* _GOAL OF THE EXERCISE_: Write out the entries exactly, leaving out every picture.

[Free-text object descriptions]
BEGIN

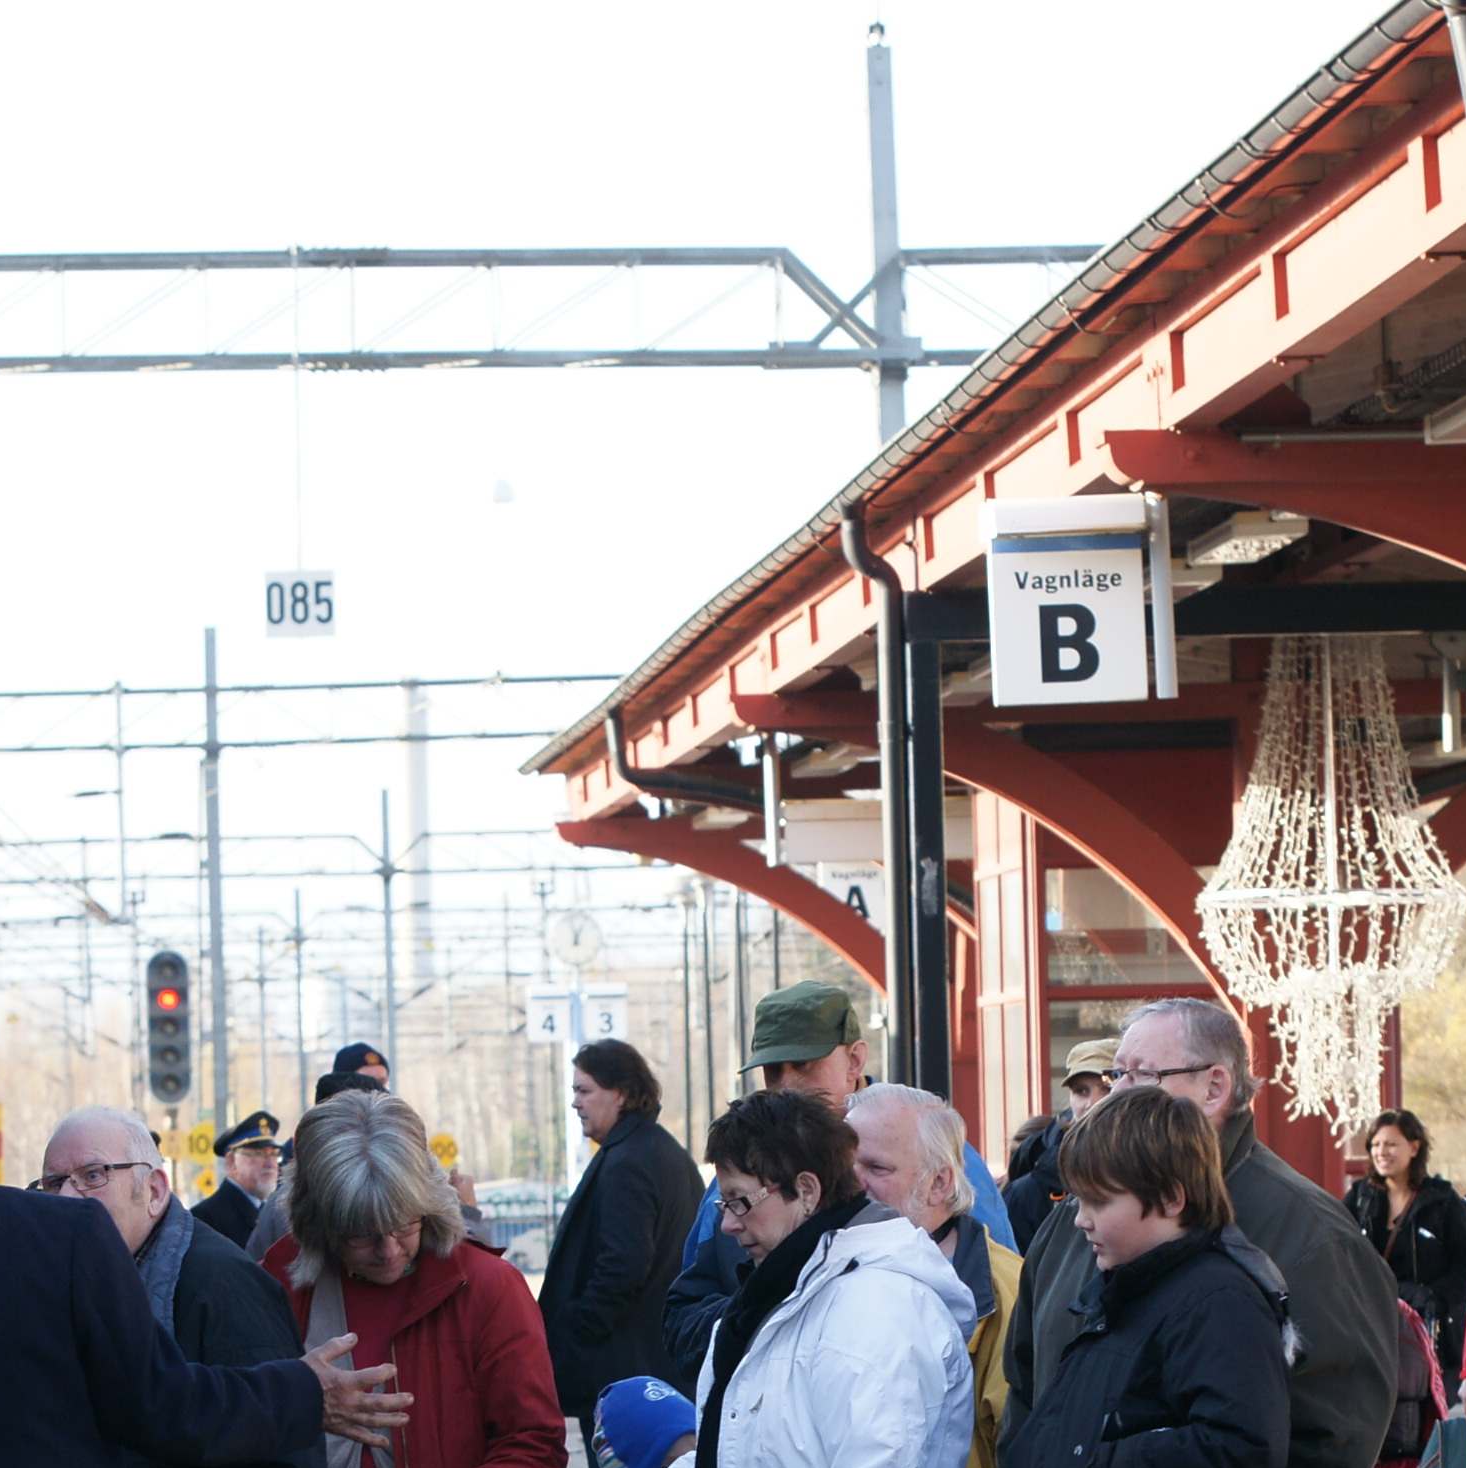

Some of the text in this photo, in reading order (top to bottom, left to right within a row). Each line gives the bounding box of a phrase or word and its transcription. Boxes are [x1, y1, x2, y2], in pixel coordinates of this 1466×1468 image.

[1014, 569, 1123, 593] Vagnläge
[267, 581, 333, 624] 085
[1039, 603, 1100, 683] B
[846, 885, 870, 918] A
[542, 1014, 555, 1034] 4
[598, 1012, 613, 1033] 3

END

* _ANSWER FOR THE TASK_:
Some of the text in this photo, in reading order (top to bottom, left to right within a row). Each line gives the bounding box of a phrase or word and its transcription. Boxes are [x1, y1, x2, y2], in pixel coordinates of this 1466×1468 image.

[1014, 569, 1123, 593] Vagnläge
[267, 581, 333, 624] 085
[1039, 603, 1100, 683] B
[846, 885, 870, 918] A
[542, 1014, 555, 1034] 4
[598, 1012, 613, 1033] 3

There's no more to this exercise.